## Exercise description
Transcribe the records below exactly as they appear.

## Dataset entries
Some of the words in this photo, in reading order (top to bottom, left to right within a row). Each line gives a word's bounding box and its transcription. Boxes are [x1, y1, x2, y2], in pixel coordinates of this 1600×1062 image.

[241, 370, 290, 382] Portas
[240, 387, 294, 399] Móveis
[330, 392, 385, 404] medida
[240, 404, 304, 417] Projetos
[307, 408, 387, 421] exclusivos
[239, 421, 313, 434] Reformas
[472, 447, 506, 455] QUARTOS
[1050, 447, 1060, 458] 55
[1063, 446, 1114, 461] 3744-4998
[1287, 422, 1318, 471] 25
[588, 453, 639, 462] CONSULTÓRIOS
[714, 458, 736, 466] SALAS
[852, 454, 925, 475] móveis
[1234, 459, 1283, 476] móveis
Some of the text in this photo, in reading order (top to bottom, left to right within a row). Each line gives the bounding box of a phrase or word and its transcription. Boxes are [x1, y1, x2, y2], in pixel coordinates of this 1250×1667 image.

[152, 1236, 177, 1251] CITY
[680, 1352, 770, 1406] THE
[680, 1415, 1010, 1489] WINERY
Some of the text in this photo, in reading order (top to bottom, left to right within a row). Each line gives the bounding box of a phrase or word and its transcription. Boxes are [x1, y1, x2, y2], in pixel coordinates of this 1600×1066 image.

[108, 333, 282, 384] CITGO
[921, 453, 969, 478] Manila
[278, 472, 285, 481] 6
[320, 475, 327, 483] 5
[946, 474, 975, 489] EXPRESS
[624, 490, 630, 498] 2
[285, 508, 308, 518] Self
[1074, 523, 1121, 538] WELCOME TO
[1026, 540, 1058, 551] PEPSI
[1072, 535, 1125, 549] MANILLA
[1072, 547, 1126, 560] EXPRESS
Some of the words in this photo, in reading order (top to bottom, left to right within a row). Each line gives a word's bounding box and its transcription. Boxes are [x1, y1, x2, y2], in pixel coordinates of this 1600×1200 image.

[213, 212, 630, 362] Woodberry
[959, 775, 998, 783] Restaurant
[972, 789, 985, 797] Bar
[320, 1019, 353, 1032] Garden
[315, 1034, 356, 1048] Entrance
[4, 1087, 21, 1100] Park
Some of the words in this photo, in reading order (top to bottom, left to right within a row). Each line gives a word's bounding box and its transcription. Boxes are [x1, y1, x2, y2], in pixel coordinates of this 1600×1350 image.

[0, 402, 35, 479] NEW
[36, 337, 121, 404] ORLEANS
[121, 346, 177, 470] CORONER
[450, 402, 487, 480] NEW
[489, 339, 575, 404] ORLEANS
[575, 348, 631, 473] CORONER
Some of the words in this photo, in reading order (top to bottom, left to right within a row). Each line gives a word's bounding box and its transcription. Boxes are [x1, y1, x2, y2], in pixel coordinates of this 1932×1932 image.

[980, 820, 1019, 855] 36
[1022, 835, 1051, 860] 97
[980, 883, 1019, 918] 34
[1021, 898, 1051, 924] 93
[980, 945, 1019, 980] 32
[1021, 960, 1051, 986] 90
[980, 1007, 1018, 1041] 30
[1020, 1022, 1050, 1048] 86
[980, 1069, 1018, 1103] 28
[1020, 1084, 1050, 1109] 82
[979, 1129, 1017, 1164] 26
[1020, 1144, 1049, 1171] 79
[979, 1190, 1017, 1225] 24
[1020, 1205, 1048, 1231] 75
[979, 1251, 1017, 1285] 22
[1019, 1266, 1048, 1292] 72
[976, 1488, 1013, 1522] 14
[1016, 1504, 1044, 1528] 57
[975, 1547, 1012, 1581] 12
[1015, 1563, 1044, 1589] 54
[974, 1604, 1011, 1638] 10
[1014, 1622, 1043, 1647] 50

## Answer to this task
Some of the words in this photo, in reading order (top to bottom, left to right within a row). Each line gives a word's bounding box and its transcription. Boxes are [x1, y1, x2, y2], in pixel coordinates of this 1600×1062 image.

[241, 370, 290, 382] Portas
[240, 387, 294, 399] Móveis
[330, 392, 385, 404] medida
[240, 404, 304, 417] Projetos
[307, 408, 387, 421] exclusivos
[239, 421, 313, 434] Reformas
[472, 447, 506, 455] QUARTOS
[1050, 447, 1060, 458] 55
[1063, 446, 1114, 461] 3744-4998
[1287, 422, 1318, 471] 25
[588, 453, 639, 462] CONSULTÓRIOS
[714, 458, 736, 466] SALAS
[852, 454, 925, 475] móveis
[1234, 459, 1283, 476] móveis
Some of the text in this photo, in reading order (top to bottom, left to right within a row). Each line gives the bounding box of a phrase or word and its transcription. Boxes are [x1, y1, x2, y2], in pixel coordinates of this 1250×1667 image.

[152, 1236, 177, 1251] CITY
[680, 1352, 770, 1406] THE
[680, 1415, 1010, 1489] WINERY
Some of the text in this photo, in reading order (top to bottom, left to right within a row). Each line gives the bounding box of a phrase or word and its transcription. Boxes are [x1, y1, x2, y2], in pixel coordinates of this 1600×1066 image.

[108, 333, 282, 384] CITGO
[921, 453, 969, 478] Manila
[278, 472, 285, 481] 6
[320, 475, 327, 483] 5
[946, 474, 975, 489] EXPRESS
[624, 490, 630, 498] 2
[285, 508, 308, 518] Self
[1074, 523, 1121, 538] WELCOME TO
[1026, 540, 1058, 551] PEPSI
[1072, 535, 1125, 549] MANILLA
[1072, 547, 1126, 560] EXPRESS
Some of the words in this photo, in reading order (top to bottom, left to right within a row). Each line gives a word's bounding box and its transcription. Boxes are [x1, y1, x2, y2], in pixel coordinates of this 1600×1200 image.

[213, 212, 630, 362] Woodberry
[959, 775, 998, 783] Restaurant
[972, 789, 985, 797] Bar
[320, 1019, 353, 1032] Garden
[315, 1034, 356, 1048] Entrance
[4, 1087, 21, 1100] Park
Some of the words in this photo, in reading order (top to bottom, left to right within a row). Each line gives a word's bounding box and its transcription. Boxes are [x1, y1, x2, y2], in pixel coordinates of this 1600×1350 image.

[0, 402, 35, 479] NEW
[36, 337, 121, 404] ORLEANS
[121, 346, 177, 470] CORONER
[450, 402, 487, 480] NEW
[489, 339, 575, 404] ORLEANS
[575, 348, 631, 473] CORONER
Some of the words in this photo, in reading order (top to bottom, left to right within a row). Each line gives a word's bounding box and its transcription. Boxes are [x1, y1, x2, y2], in pixel coordinates of this 1932×1932 image.

[980, 820, 1019, 855] 36
[1022, 835, 1051, 860] 97
[980, 883, 1019, 918] 34
[1021, 898, 1051, 924] 93
[980, 945, 1019, 980] 32
[1021, 960, 1051, 986] 90
[980, 1007, 1018, 1041] 30
[1020, 1022, 1050, 1048] 86
[980, 1069, 1018, 1103] 28
[1020, 1084, 1050, 1109] 82
[979, 1129, 1017, 1164] 26
[1020, 1144, 1049, 1171] 79
[979, 1190, 1017, 1225] 24
[1020, 1205, 1048, 1231] 75
[979, 1251, 1017, 1285] 22
[1019, 1266, 1048, 1292] 72
[976, 1488, 1013, 1522] 14
[1016, 1504, 1044, 1528] 57
[975, 1547, 1012, 1581] 12
[1015, 1563, 1044, 1589] 54
[974, 1604, 1011, 1638] 10
[1014, 1622, 1043, 1647] 50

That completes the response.